Salivary gland tumors develop within the salivary glands. Below the jaw, there are three main pairs of these glands. Their primary purpose is to produce saliva to aid in the digestive process. Saliva works to lubricate the passageway that brings food down into the stomach. It also aids in carbohydrate breakdown. In addition to the main glands, there are also smaller ones in the mouth and throat.
- In most cases, tumors affecting the glands start in the parotid gland.
- Not all of these tumors are cancerous.
Exactly how these tumors develop remains unknown. However, experts know that a DNA mutation of the cells within the glands can cause them to grow uncontrollably, resulting in a tumor. Under normal circumstances, cells develop and die at a rate that prevents accumulation, but the mutated ones remain alive as new ones are produced. Once the tumor starts, it can invade nearby tissues.

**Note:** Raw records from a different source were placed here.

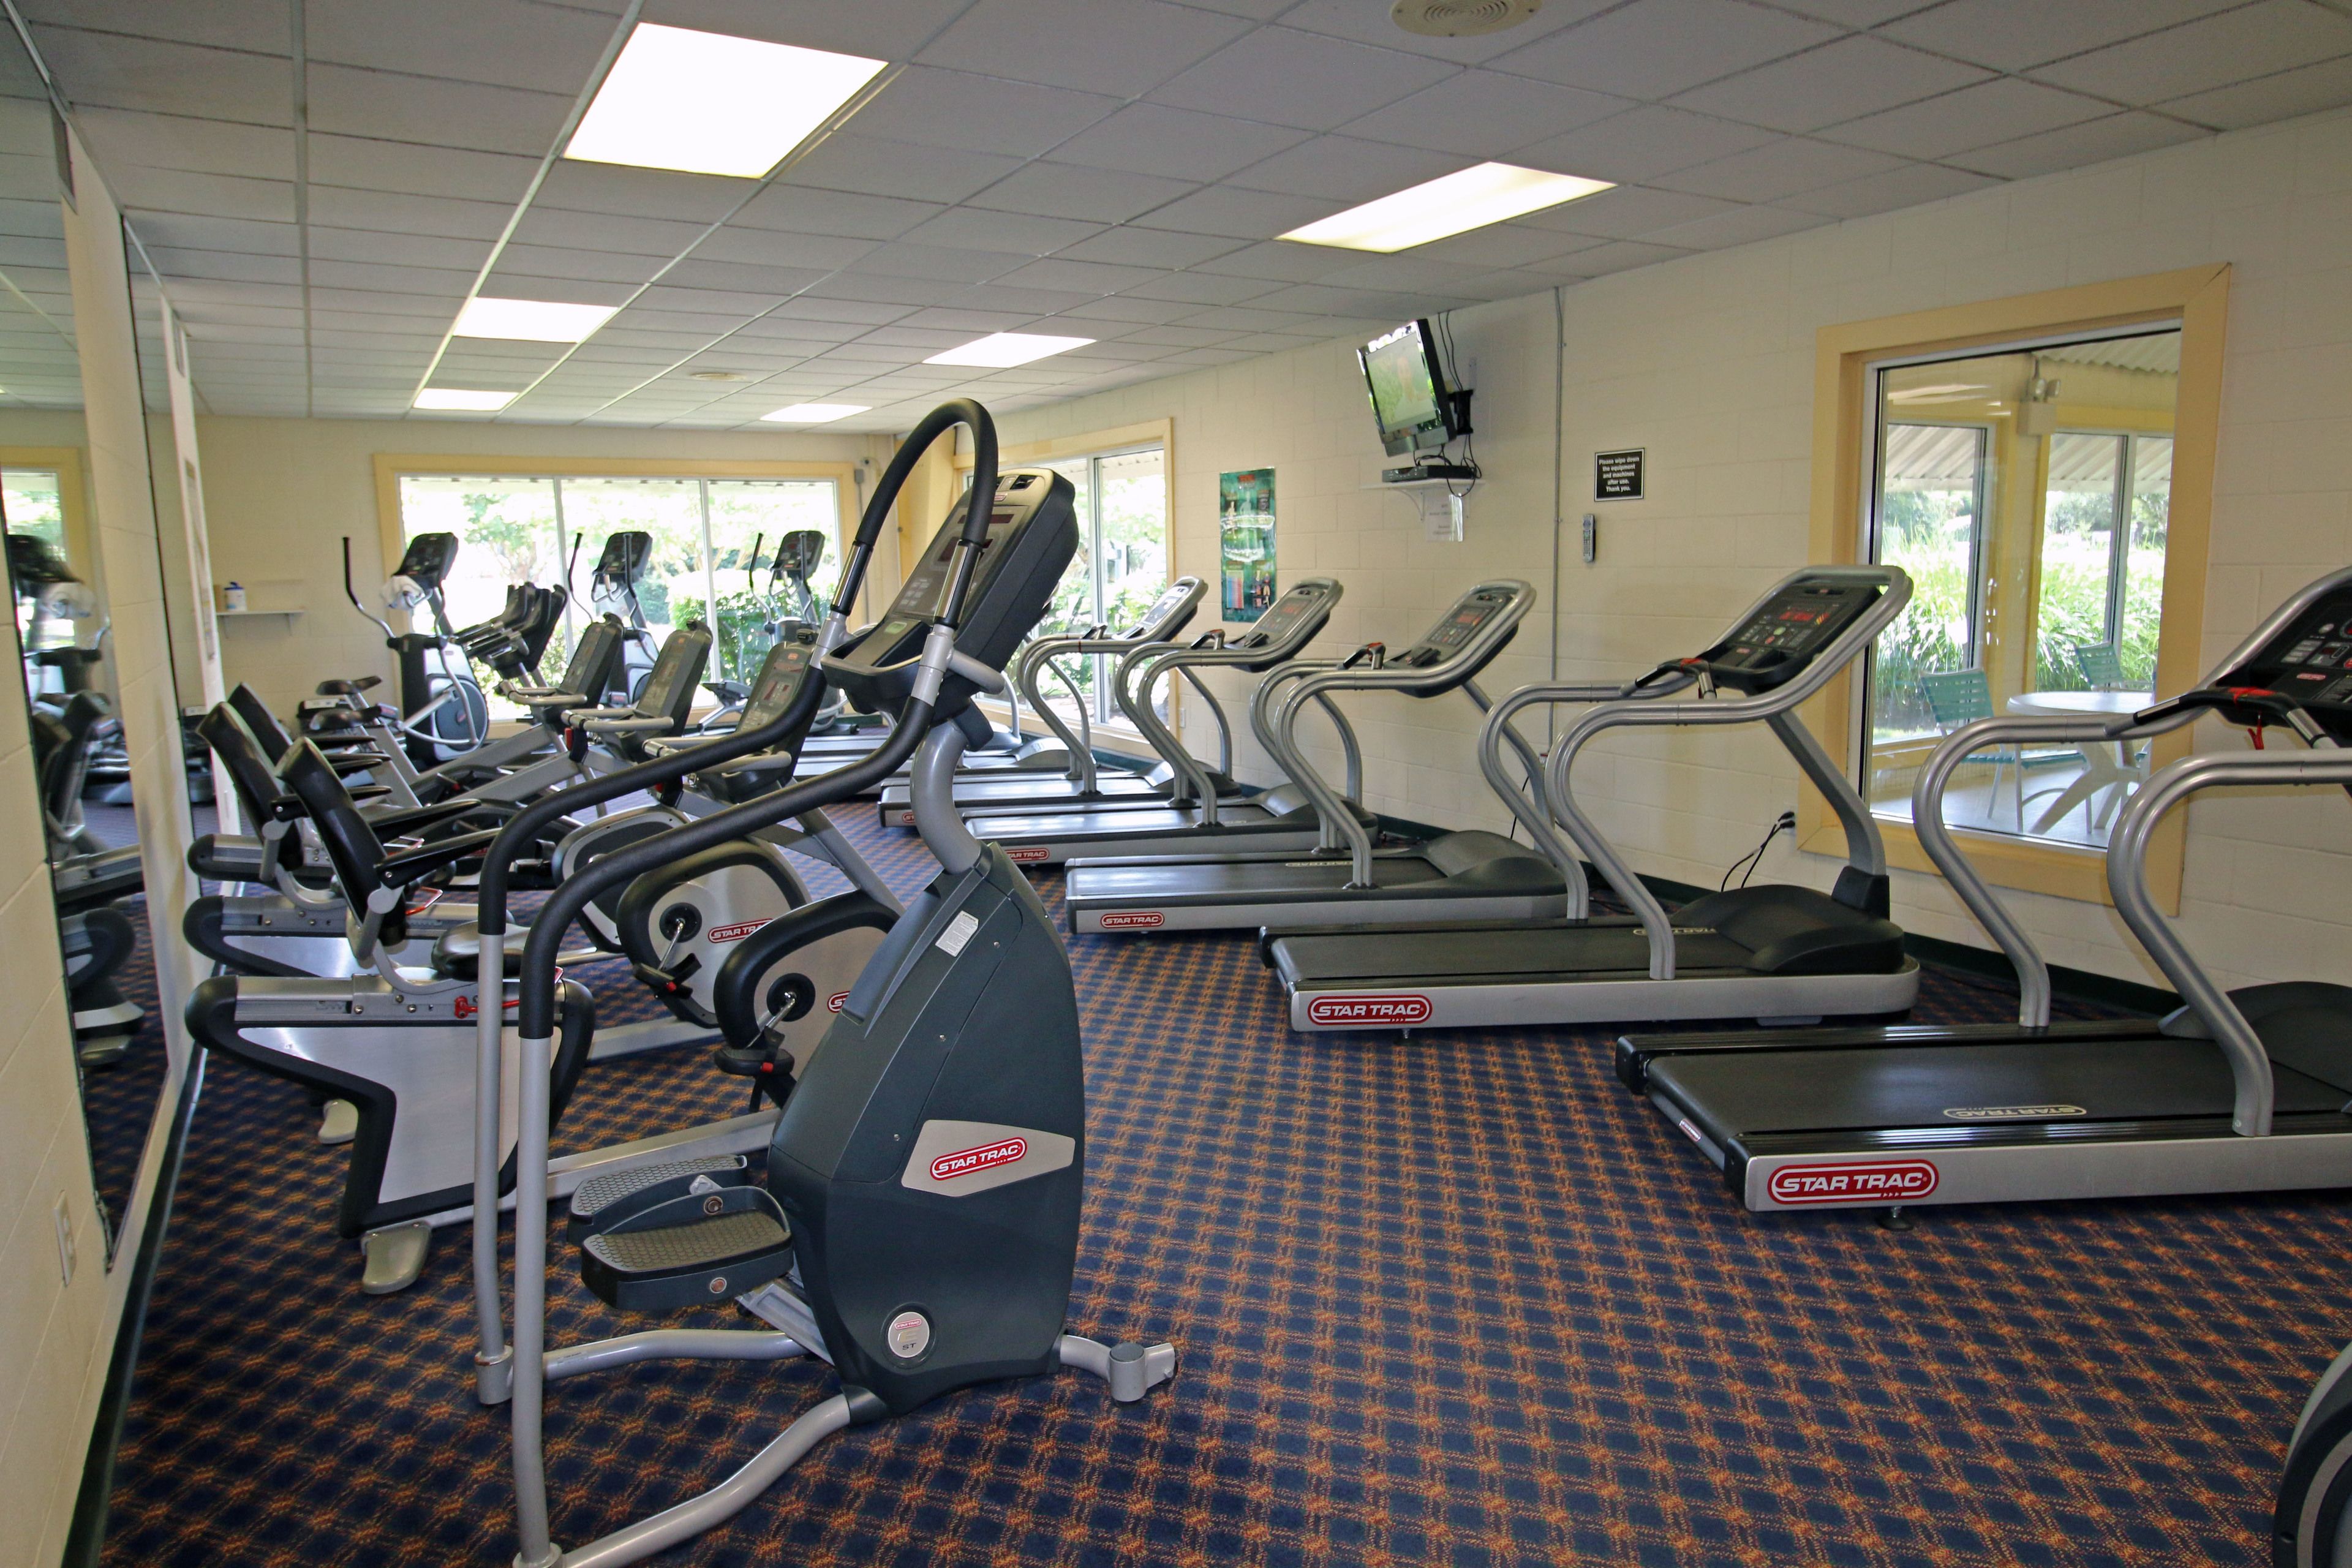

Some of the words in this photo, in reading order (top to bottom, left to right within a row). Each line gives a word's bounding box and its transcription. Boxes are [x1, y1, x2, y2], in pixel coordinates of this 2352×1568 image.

[714, 929, 741, 938] STAR
[742, 925, 761, 933] TR
[1317, 1005, 1366, 1016] STAR
[1370, 1004, 1421, 1016] TRAC
[937, 1155, 978, 1172] STAR
[979, 1145, 1019, 1162] TRAC
[1781, 1176, 1849, 1193] STAR
[1853, 1172, 1923, 1189] TRAC

In addition, there are certain risk factors that might increase a patient’s chances of developing this type of tumor. While these tumors are possible at any age, older people are at a higher risk. Radiation exposure and working in certain environments, such as rubber manufacturing, asbestos mining, and plumbing, can also increase the risk.
The symptoms are generally localized to where the tumor is. They are possible whether the tumor is malignant or benign. The size of the tumor may impact symptom severity. These may include:
- A lump or swelling
- Difficulty swallowing
- Muscle weakness
- Difficulty eating or opening the mouth wide
The first step is performing a complete examination to explore the tumor and the patient’s general health. If the tumor is determined to be malignant, the doctor will perform the necessary tests to see what stage it is at.
Radiation is a common treatment method. It works to kill cancer cells via the use of high beams of energy. It may be used alone or after surgery. Following a surgery, it is used to kill off any lingering cancer cells that might have been left behind.
Surgery is also frequently used for these tumors. If the tumor is small, it may be removed alone, but if the salivary gland was largely impacted, doctors might have to remove the entire gland. Further surgery might be needed if the cancer spread. For example, if a lymph node is determined cancerous, surgical removal might be warranted. In the most serious of cases, patients might also need to undergo reconstructive surgery.
Chemotherapy is not commonly used for cancerous salivary gland tumors. However, it might be considered in more advanced cases. Prior to administration, doctors will evaluate the patient’s cancer and total health to determine which drug might be the most effective.